A vantagem do Uzbequistão, olhando apenas para o que os resultados revelam, é a capacidade de construir partidas fechadas. Em 10 jogos da Terceira fase, sofreu 7 gols; e em 5 jogos em Taskent, sofreu 0. Em Copa, não haverá Taskent, mas haverá o mesmo princípio: reduzir o número de situações em que o rival finaliza em condição limpa. Se conseguir transformar o Grupo K em um conjunto de jogos curtos, o Uzbequistão entra na conversa por classificação com méritos de desempenho — não por “história”.
Tabela do Grupo K
| Data | Estádio | Cidade | Rival |
|---|---|---|---|
| 17 de junho de 2026 | Estádio Azteca | Ciudad de México | Colômbia |
| 23 de junho de 2026 | NRG Stadium | Houston | Portugal |
| 27 de junho de 2026 | Mercedes-Benz Stadium | Atlanta | Rival por definirse, saldrá del repechaje internacional Llave A: Nueva Caledonia, Jamaica o República Democrática del Congo. |
Prognóstico jogo a jogo, em linguagem direta e prudente:
- 17 de junho de 2026, Uzbequistão vs Colômbia: empate
- 23 de junho de 2026, Portugal vs Uzbequistão: ganha Portugal
- 27 de junho de 2026, Rival por definirse, saldrá del repechaje internacional Llave A: Nueva Caledonia, Jamaica o República Democrática del Congo. vs Uzbequistão: ganha Uzbequistão
Chaves de classificação para o Uzbequistão
- Não sofrer primeiro: em Eliminatórias, quando manteve o jogo controlado, virou especialista em 1 a 0 e 0 a 0.
- Transformar a estreia em jogo de poucos eventos: começar pontuando muda o humor do grupo.
- Evitar finais caóticos: o 3 a 2 contra o Catar, com gol aos 90+12’, é um lembrete de que concentração até o último lance não é negociável.

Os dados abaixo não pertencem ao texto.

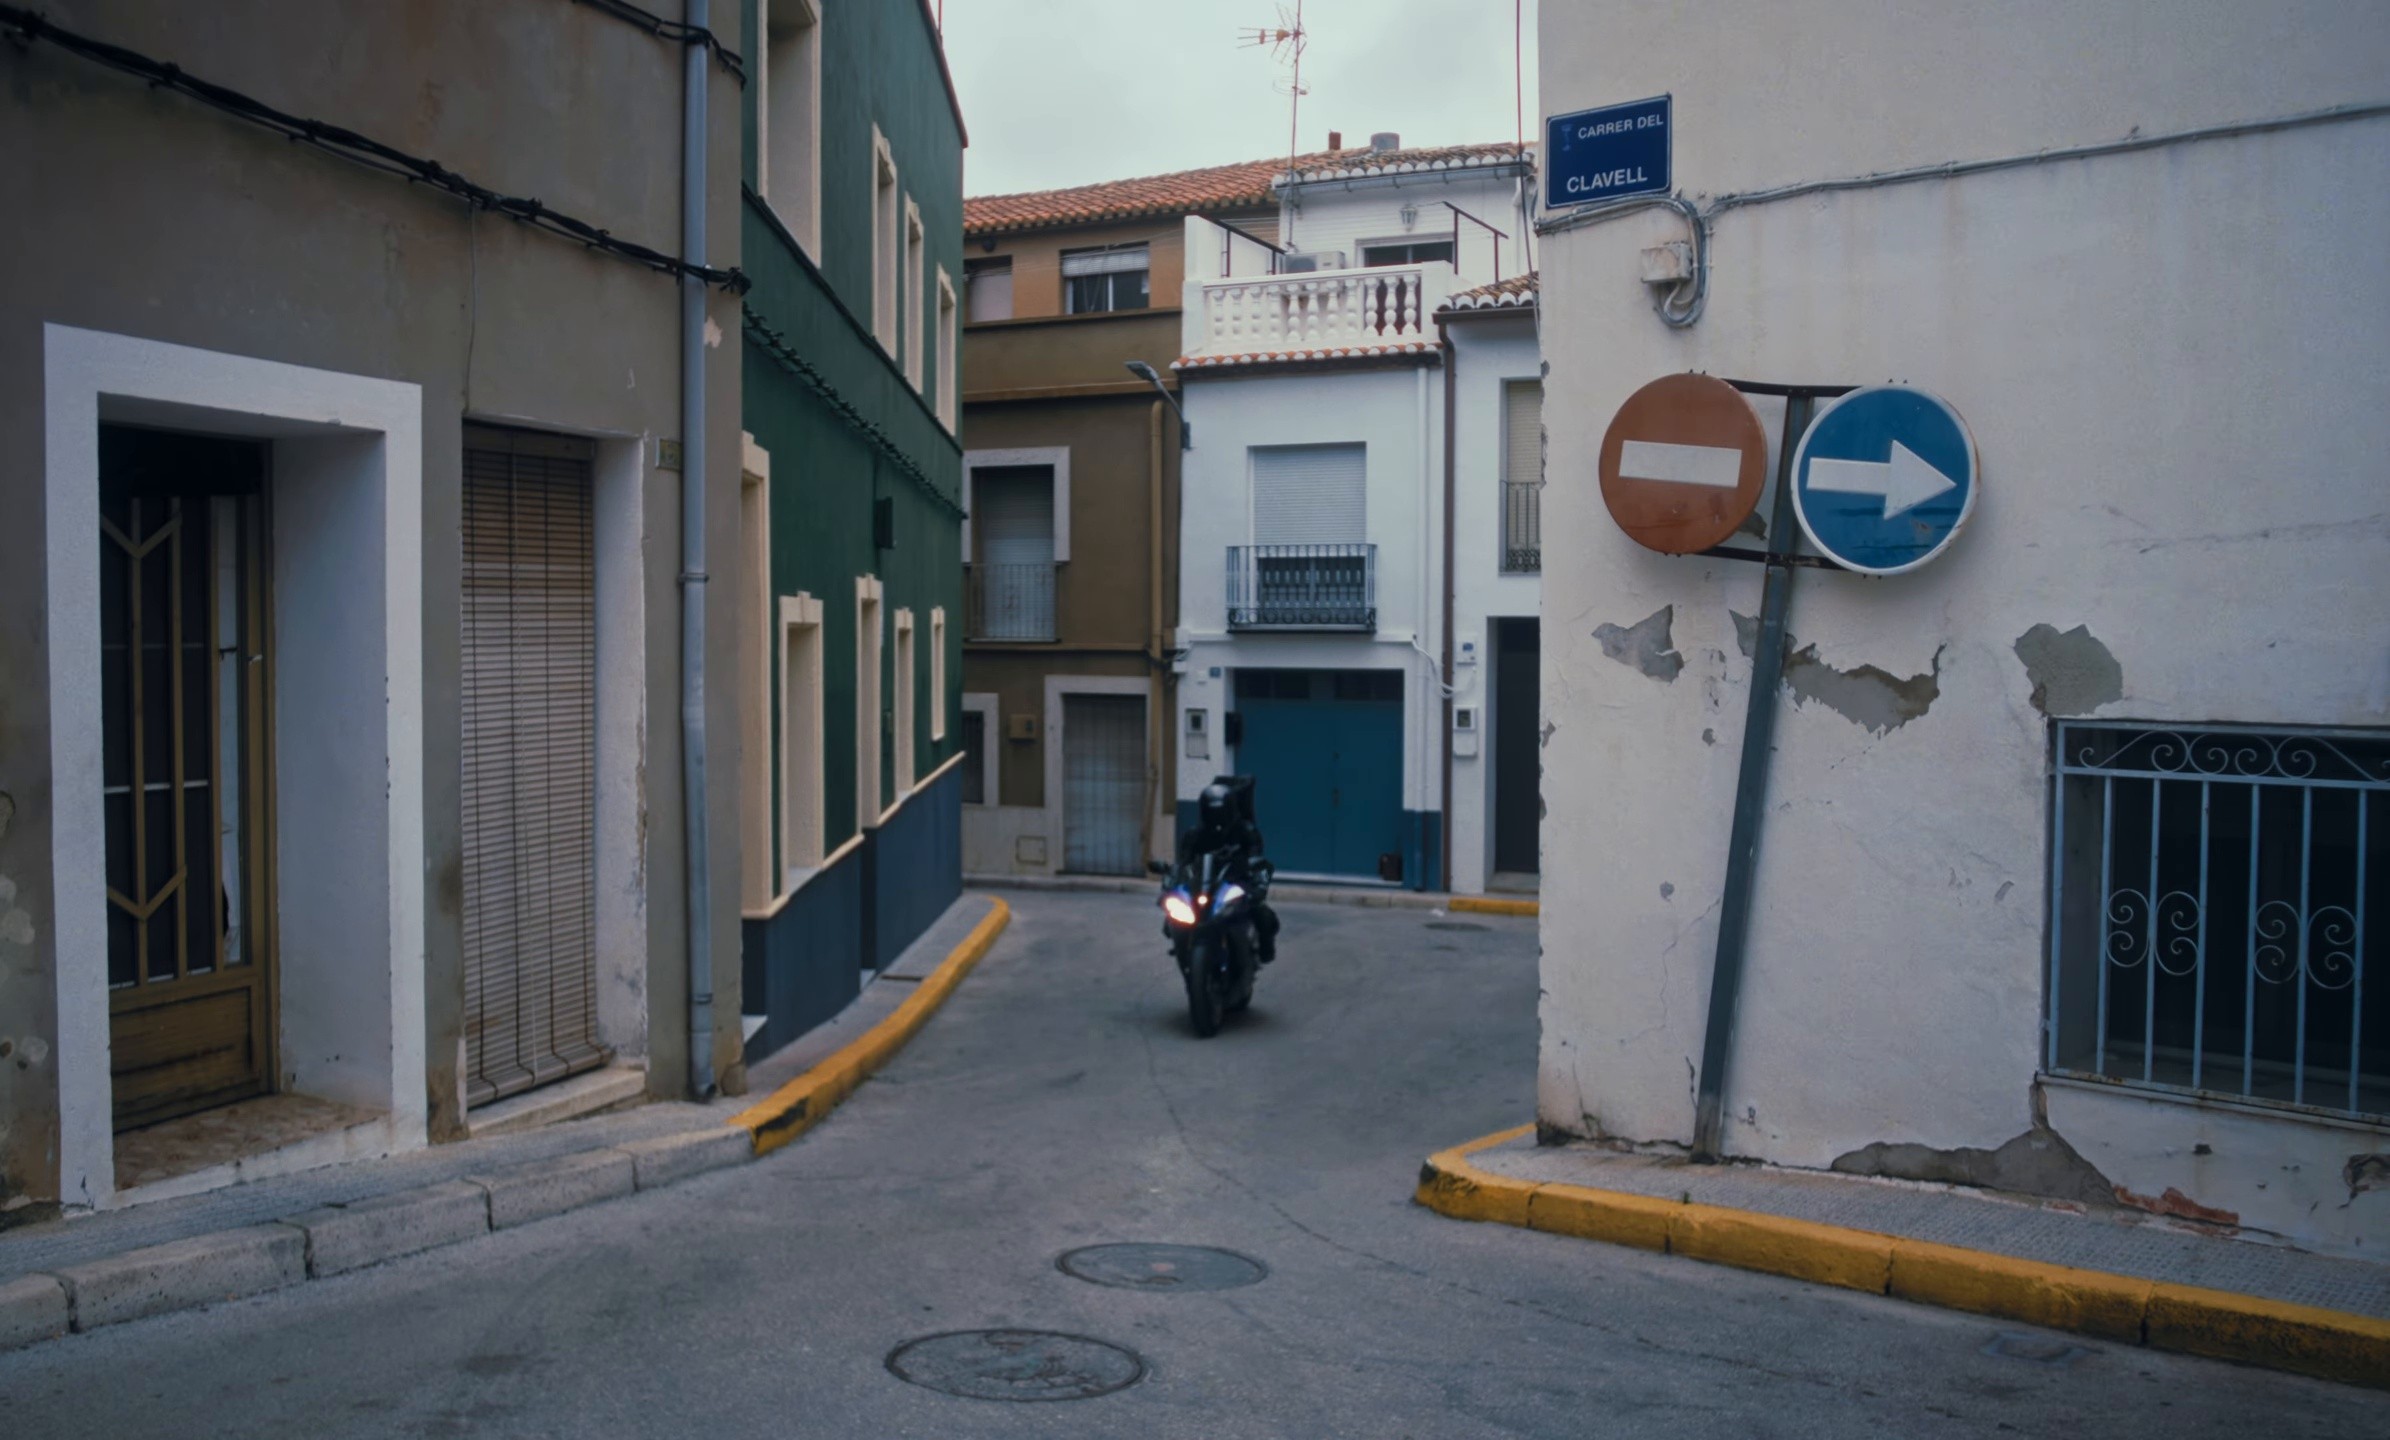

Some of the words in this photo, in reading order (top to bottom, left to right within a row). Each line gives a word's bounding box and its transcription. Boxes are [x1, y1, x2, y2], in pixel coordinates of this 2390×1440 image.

[1578, 119, 1633, 139] CARRER
[1637, 114, 1664, 129] DEL
[1566, 166, 1648, 193] CLAVELL

- Fazer a última rodada com chance real: o calendário permite que a decisão fique para o fim — e isso é uma oportunidade para quem sabe jogar sob pressão sem perder forma.
Opinião editorial
O Uzbequistão chega com um ativo que muita seleção “mais tradicional” passa anos procurando: uma identidade de resultado. Não é uma equipe que depende de espetáculo para convencer; depende de coerência. Em Eliminatórias, isso se traduziu em algo raríssimo: cinco jogos como mandante na Terceira fase, cinco jogos sem sofrer gol. A Copa do Mundo não vai oferecer a proteção do endereço, mas vai oferecer a mesma pergunta: você consegue sobreviver quando o jogo pede cabeça fria? O Uzbequistão já respondeu “sim” mais vezes do que “não”.
Ainda assim, há um aviso que precisa caber no bolso do casaco, para ser lido antes de entrar em campo: a margem de erro é pequena quando você vive de placares curtos. Um lance muda tudo. O exemplo está escrito no 14 de novembro de 2024, Catar 3-2 Uzbequistão, com o golpe no relógio aos 90+12’. Em Copa, esse tipo de detalhe não é só uma derrota: pode ser uma eliminação. Se o Uzbequistão quiser transformar campanha sólida em história grande, terá de levar sua disciplina até o último segundo — porque o torneio cobra juros justamente quando você acha que já terminou.
E talvez seja aí que mora a beleza desta seleção: ela não promete dominar o mundo, promete competir. E, quando uma seleção promete competir e entrega, ela vira uma pedra no caminho — daquelas que ninguém gosta de encontrar na segunda rodada, e que podem decidir um grupo inteiro na terceira.